In addition to the circumstances described in paragraphs (1) to (3), the State or county shall be deemed to have a proprietary interest in a project if the State or county determines or an interested party demonstrates prior to the effective date of the subcontract or state or county contract that there is a significant risk that the State's or a county's financial or other nonregulatory interest in a project could be adversely affected by labor-management conflict or consumer boycotts potentially resulting from a union organizing campaign, except that no circumstance or arrangement shall be considered "financial or non-regulatory" under this definition if it arises from the exercise of regulatory or police powers, such as taxation (except as provided in paragraph (2)), zoning, or the issuance of permits and licenses.

"State or county contract" means a lease, management agreement, service agreement, loan, bond, guarantee, or other similar agreement to which the State or a county is a party and in which the State or a county has a proprietary interest.

"Subcontract" means any lease, sublease, management agreement, or other similar agreement between a developer or a manager/operator and a subcontractor that contemplates or permits the subcontractor to operate or manage all or a portion of a project.

"Subcontractor" means any person, corporation, association, limited or general partnership, limited liability company, joint venture, or other entity that enters into a subcontract with a developer or manager/operator.

§ -3 Policy; requirements and procedures to minimize labor/management conflict when State or county has proprietary interest. (a) The State declares as a matter of general policy that when the State or a county retains or acquires a proprietary interest in a development project, it is essential for the protection of the State's or county's investment and business interests to require that employers operating a project agree to abide by crosscheck procedures for determining employee preference on the subject of labor union representation, as specified in this chapter.

(b) Pursuant to the policy stated in subsection (a), the following requirements are imposed, except no employer, developer, or manager/operator shall be responsible for obligations under this chapter if that person or entity is otherwise exempt from those obligations pursuant to section -4(b), or if the State or county does not have a proprietary interest in the project:

(1) An employer of employees working in a project shall:

(A) Enter into a crosscheck agreement, as specified in this chapter, with a labor organization that requests such an agreement for the purpose of seeking to represent those employees before executing the subcontract or state or county contract pursuant to which it will operate a project;

(B) If the parties are unable to agree to the terms of a crosscheck agreement within sixty days of the commencement of the negotiations, they shall enter into expedited binding arbitration in which the terms of a crosscheck agreement will be imposed by an arbitrator.

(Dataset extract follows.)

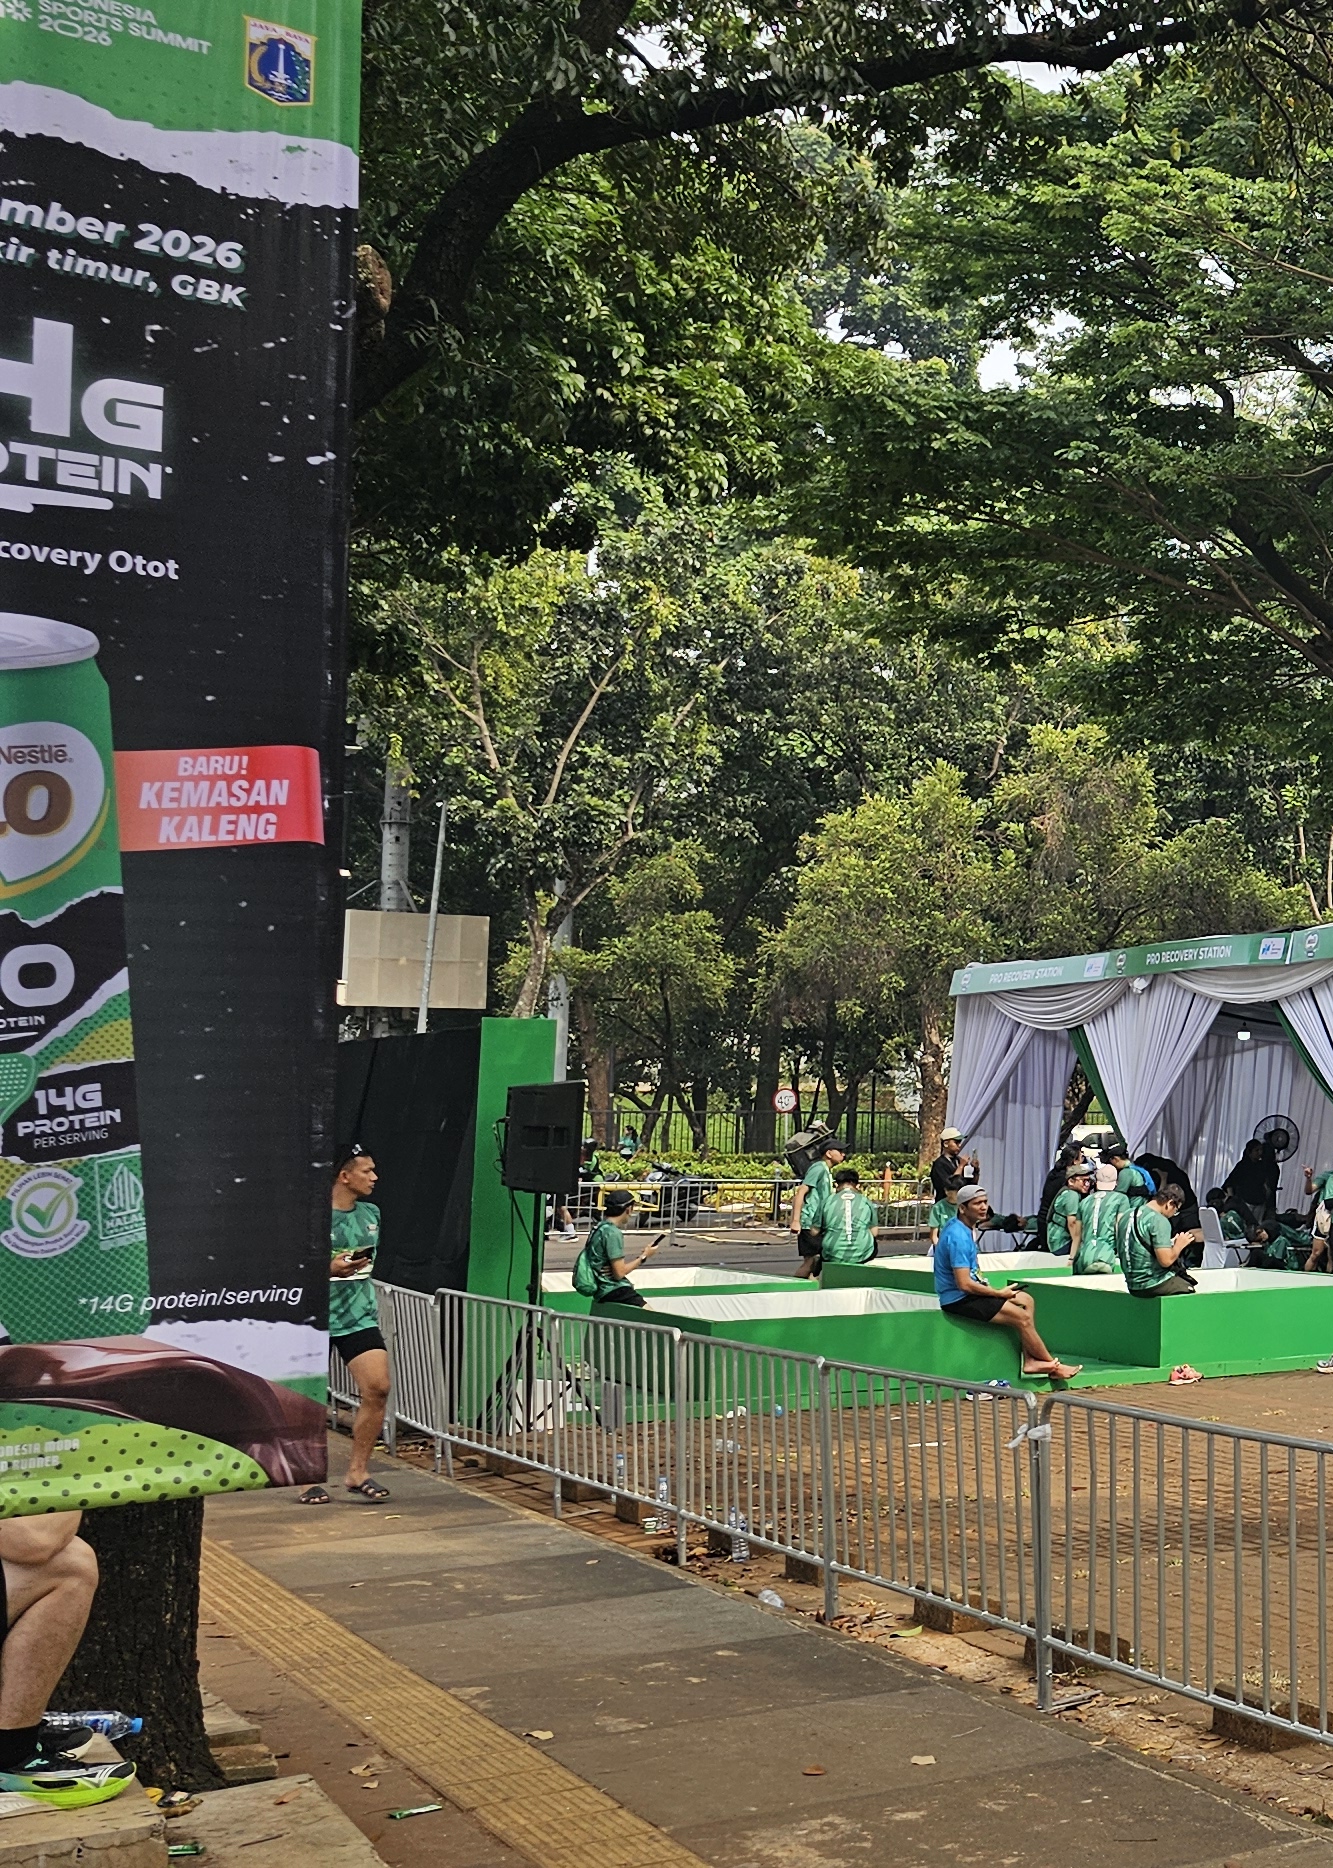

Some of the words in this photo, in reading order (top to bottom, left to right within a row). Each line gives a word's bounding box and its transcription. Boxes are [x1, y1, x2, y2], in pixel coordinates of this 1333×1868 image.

In those proceedings, to be conducted by an experienced labor arbitrator selected as provided by the rules of the American Arbitration Association or equivalent organization, the arbitrator shall consider any model crosscheck agreement provided by the State or county and prevailing practices and the terms of crosscheck agreements in the same or similar industries, except that the crosscheck agreement shall include the mandatory terms identified in the definition of "crosscheck agreement" under section -2;

(C) Comply with the terms of that crosscheck agreement and this chapter; and

(D) Include in any subcontract which contemplates or permits a subcontractor to operate or manage a project, or to provide a service essential to the operation of the project, a provision requiring that subcontractor to comply with the requirements provided in this chapter. This subparagraph shall be a material and mandatory term of the subcontract, binding on all successors and assigns, and shall state (modified as necessary to accommodate particular circumstances):

"The State Legislature has enacted chapter       , Hawaii Revised Statutes, commencing at section -1, which law may apply to [Subcontractor]. Its terms are expressly incorporated by reference hereto. To the extent [Subcontractor] or its successors or assigns employs employees in [this facility] within the scope of that law, [Subcontractor] hereby agrees as a material condition of this [Subcontract] to enter into and abide by a crosscheck agreement with a labor organization or organizations seeking to represent [Subcontractor's] employees, if and as required by that chapter, and to otherwise fully comply with the requirements of that chapter. [Subcontractor] recognizes that, as required by that chapter, it must enter into a crosscheck agreement with a labor organization or organizations as specified by that chapter before executing this [Subcontract], and that being party to such a crosscheck agreement is a condition precedent of rights or obligations under this [Subcontract]."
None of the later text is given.